OPINIÃO   segunda-feira, 09 de abril de 2018

Suburbicon: Bem-vindos ao Paraíso (2017): Clooney quis ser Coen

Em uma sátira de humor negro escrita pelos Irmãos Coen, George Clooney peca na falta de originalidade na direção de uma trama com boas intenções, mas pouco carismática.

Os irmãos Joel e Ethan Coen fazem parte do seleto grupo de realizadores cinematográficos estigmatizados de forma positiva em Hollywood, cujos trabalhos apresentam marcas tão características que é impossível não relacionar as obras aos criadores. Embora tenham escrito argumentos mais “neutros” para outros diretores, como “Ponte dos Espiões” (2015), características como o humor negro e a comicidade fruto do acaso são notáveis em todos os trabalhos comandados pela dupla. Porém, a influência dos Coen em “Suburbicon: Bem-vindos ao Paraíso” parece ir muito além do que simplesmente assinar o roteiro do longa.

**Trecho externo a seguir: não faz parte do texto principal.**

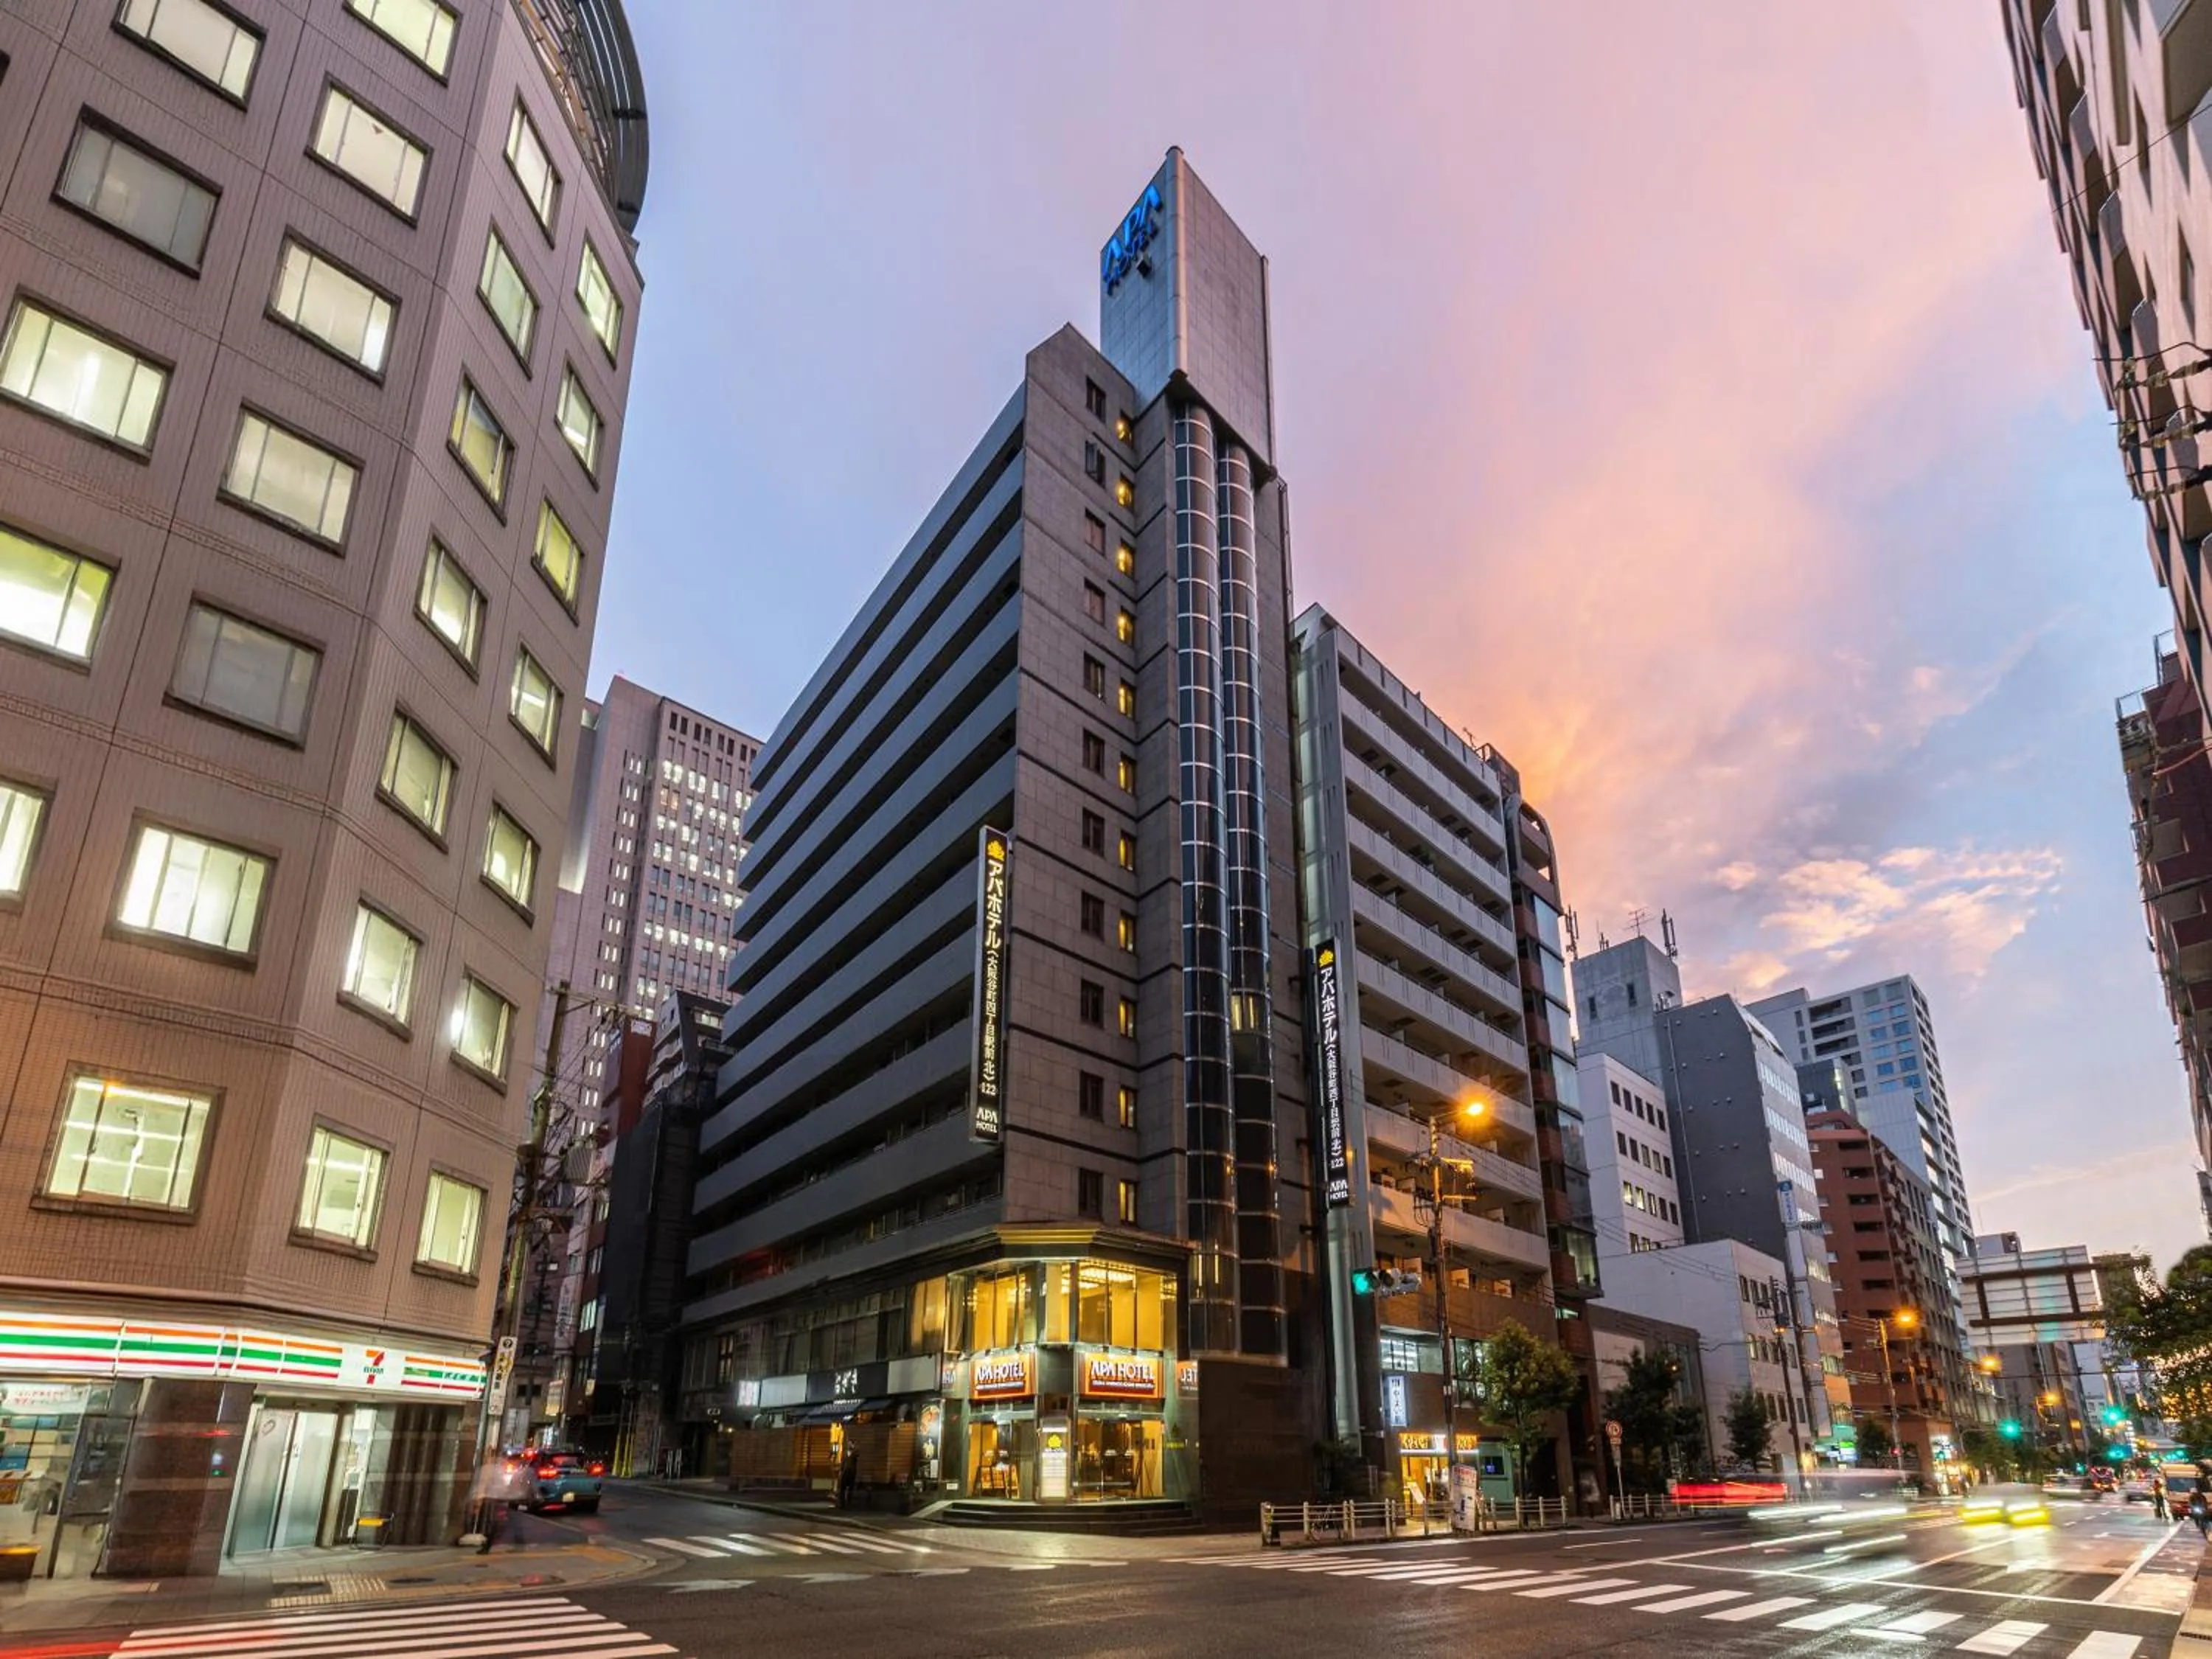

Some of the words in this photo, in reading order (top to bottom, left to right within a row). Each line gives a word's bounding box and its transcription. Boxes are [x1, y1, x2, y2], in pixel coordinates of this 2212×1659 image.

[976, 1107, 998, 1124] APA
[975, 1120, 998, 1133] HOTEL
[1329, 1179, 1348, 1192] APA
[975, 1363, 993, 1381] APA
[992, 1360, 1025, 1380] HOTEL
[1091, 1360, 1116, 1377] APA
[1116, 1362, 1155, 1380] HOTEL

Dirigido por George Clooney (“Ave, César!”), a trama começa com um tom de fábula para contar a história de Suburbicon, uma comunidade suburbana habitada apenas com moradores brancos, utopicamente construída sob o sonho de vida americano típico dos anos 1950. Lá vivem os Lodge, família que enfrenta uma situação angustiante após dois criminosos invadirem sua casa e assassinarem a matriarca da família, Rose (Julianne Moore, de “Kingsman: O Círculo Dourado”). A partir disso, sucessivos eventos inesperados acabam se desenrolando com Gardner Lodge (Matt Damon, de “Pequena Grande Vida”), seu filho Nicky (Noah Jupe, de “Um Lugar Silencioso”), e sua cunhada Margaret (também interpretada por Moore), que passa a viver na casa da família.

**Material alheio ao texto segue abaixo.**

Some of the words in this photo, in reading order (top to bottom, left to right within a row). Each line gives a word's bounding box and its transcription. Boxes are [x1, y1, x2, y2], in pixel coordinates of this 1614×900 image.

Embora tenha sido vendida como uma comédia de humor negro, o longa não se trata exatamente disso. Por mais que a história envolvendo os Lodge traga momentos de comicidade típica da filmografia dos Coen, a obra muda constantemente de foco entre eles e os Meyers, família negra que se muda para a comunidade e desperta revolta nos outros moradores. A crítica ao racismo se faz necessária e é bem-intencionada, contudo, Clooney não é capaz de dar nenhuma profundidade à esta trama, aparentando não estar muito confortável em abordar o assunto. Além disso, as duas histórias nunca se cruzam de forma relevante, com os Meyers servindo, no máximo, para mostrar que os moradores eram incapazes de perceber onde estava o real problema do lugar, por se preocuparem apenas com a raça deles.

Enquanto os Meyers não têm voz alguma no longa, os Lodge se perdem na falta de carisma de seus protagonistas muito cartunescos, mesmo com as atuações decentes de Moore e Damon. Ainda que tenha o propósito de marcar a atmosfera exagerada do filme, os personagens acabam sendo desinteressantes. As exceções ficam por conta de Noah Jupe, que parece ser o único ser de inteligência daquele lugar, e de Oscar Isaac (“Aniquilação”), numa participação pequena, porém marcante.

O grande mérito do longa fica na fotografia belíssima e na direção de arte eficiente. O visual pesado é mais um dos muitos aspectos em que os Irmãos Coen influenciam na obra, retratando o lugar com uma aparência exagerada, que lembra muito os cartazes e propagandas que vendiam o American Way of Life na época. A trilha sonora de Alexandre Desplat (“A Forma da Água”) é bastante presente, entretanto, embora seja eficiente na maior parte do filme, por vezes tenta se destacar mais do que a própria história, estragando momentos cruciais de tensão, especialmente no terceiro ato.

Não há como se aprofundar mais sem revelar spoilers, o que estragaria as reviravoltas frequentes na obra. Assim, o que vemos em “Suburbicon” é um produto que aparenta ser dos Irmãos Coen, porém sem o mesmo refino, especialmente ao tratar do gênero satírico e cômico sem a habilidade típica da dupla. Ao invés disso, somos apresentados a duas tramas desunidas e sem harmonia que, aparentemente, só fariam sentido em dois filmes diferentes.